■ What to work on
Every entry in the data below needs to be repeated exactly.

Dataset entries
◇ ◇ ◇ ◇ ◇ ◇ ◇
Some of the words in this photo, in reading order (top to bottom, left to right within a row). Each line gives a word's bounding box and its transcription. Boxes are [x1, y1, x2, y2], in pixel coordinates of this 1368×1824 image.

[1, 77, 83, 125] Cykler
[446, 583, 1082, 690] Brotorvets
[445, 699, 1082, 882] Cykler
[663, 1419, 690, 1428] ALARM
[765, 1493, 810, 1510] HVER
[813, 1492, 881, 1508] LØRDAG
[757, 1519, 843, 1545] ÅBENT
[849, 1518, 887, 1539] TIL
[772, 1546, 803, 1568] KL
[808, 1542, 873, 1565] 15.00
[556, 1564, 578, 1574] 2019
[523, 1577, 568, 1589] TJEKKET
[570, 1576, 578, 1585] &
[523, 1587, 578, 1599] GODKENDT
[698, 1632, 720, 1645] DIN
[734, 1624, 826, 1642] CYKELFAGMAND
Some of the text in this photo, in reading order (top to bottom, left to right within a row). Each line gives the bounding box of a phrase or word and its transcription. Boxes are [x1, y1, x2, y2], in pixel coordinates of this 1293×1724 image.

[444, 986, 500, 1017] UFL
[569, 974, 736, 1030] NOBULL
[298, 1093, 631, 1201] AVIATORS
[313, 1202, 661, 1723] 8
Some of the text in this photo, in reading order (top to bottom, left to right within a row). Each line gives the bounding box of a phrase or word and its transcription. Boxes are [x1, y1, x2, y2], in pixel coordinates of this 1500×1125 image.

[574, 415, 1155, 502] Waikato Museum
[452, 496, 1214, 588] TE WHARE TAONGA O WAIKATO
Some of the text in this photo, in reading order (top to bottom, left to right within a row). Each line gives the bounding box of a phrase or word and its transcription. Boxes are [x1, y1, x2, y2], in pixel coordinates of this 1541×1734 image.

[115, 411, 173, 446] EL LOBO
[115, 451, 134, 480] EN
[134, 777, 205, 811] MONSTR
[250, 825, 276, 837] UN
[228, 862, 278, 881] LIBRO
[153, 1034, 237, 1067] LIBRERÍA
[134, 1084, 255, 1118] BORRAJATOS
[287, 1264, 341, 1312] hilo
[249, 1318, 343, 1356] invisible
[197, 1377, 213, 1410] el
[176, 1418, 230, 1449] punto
◇ ◇ ◇ ◇ ◇ ◇ ◇
■ Solution for this problem
Some of the words in this photo, in reading order (top to bottom, left to right within a row). Each line gives a word's bounding box and its transcription. Boxes are [x1, y1, x2, y2], in pixel coordinates of this 1368×1824 image.

[1, 77, 83, 125] Cykler
[446, 583, 1082, 690] Brotorvets
[445, 699, 1082, 882] Cykler
[663, 1419, 690, 1428] ALARM
[765, 1493, 810, 1510] HVER
[813, 1492, 881, 1508] LØRDAG
[757, 1519, 843, 1545] ÅBENT
[849, 1518, 887, 1539] TIL
[772, 1546, 803, 1568] KL
[808, 1542, 873, 1565] 15.00
[556, 1564, 578, 1574] 2019
[523, 1577, 568, 1589] TJEKKET
[570, 1576, 578, 1585] &
[523, 1587, 578, 1599] GODKENDT
[698, 1632, 720, 1645] DIN
[734, 1624, 826, 1642] CYKELFAGMAND
Some of the text in this photo, in reading order (top to bottom, left to right within a row). Each line gives the bounding box of a phrase or word and its transcription. Boxes are [x1, y1, x2, y2], in pixel coordinates of this 1293×1724 image.

[444, 986, 500, 1017] UFL
[569, 974, 736, 1030] NOBULL
[298, 1093, 631, 1201] AVIATORS
[313, 1202, 661, 1723] 8
Some of the text in this photo, in reading order (top to bottom, left to right within a row). Each line gives the bounding box of a phrase or word and its transcription. Boxes are [x1, y1, x2, y2], in pixel coordinates of this 1500×1125 image.

[574, 415, 1155, 502] Waikato Museum
[452, 496, 1214, 588] TE WHARE TAONGA O WAIKATO
Some of the text in this photo, in reading order (top to bottom, left to right within a row). Each line gives the bounding box of a phrase or word and its transcription. Boxes are [x1, y1, x2, y2], in pixel coordinates of this 1541×1734 image.

[115, 411, 173, 446] EL LOBO
[115, 451, 134, 480] EN
[134, 777, 205, 811] MONSTR
[250, 825, 276, 837] UN
[228, 862, 278, 881] LIBRO
[153, 1034, 237, 1067] LIBRERÍA
[134, 1084, 255, 1118] BORRAJATOS
[287, 1264, 341, 1312] hilo
[249, 1318, 343, 1356] invisible
[197, 1377, 213, 1410] el
[176, 1418, 230, 1449] punto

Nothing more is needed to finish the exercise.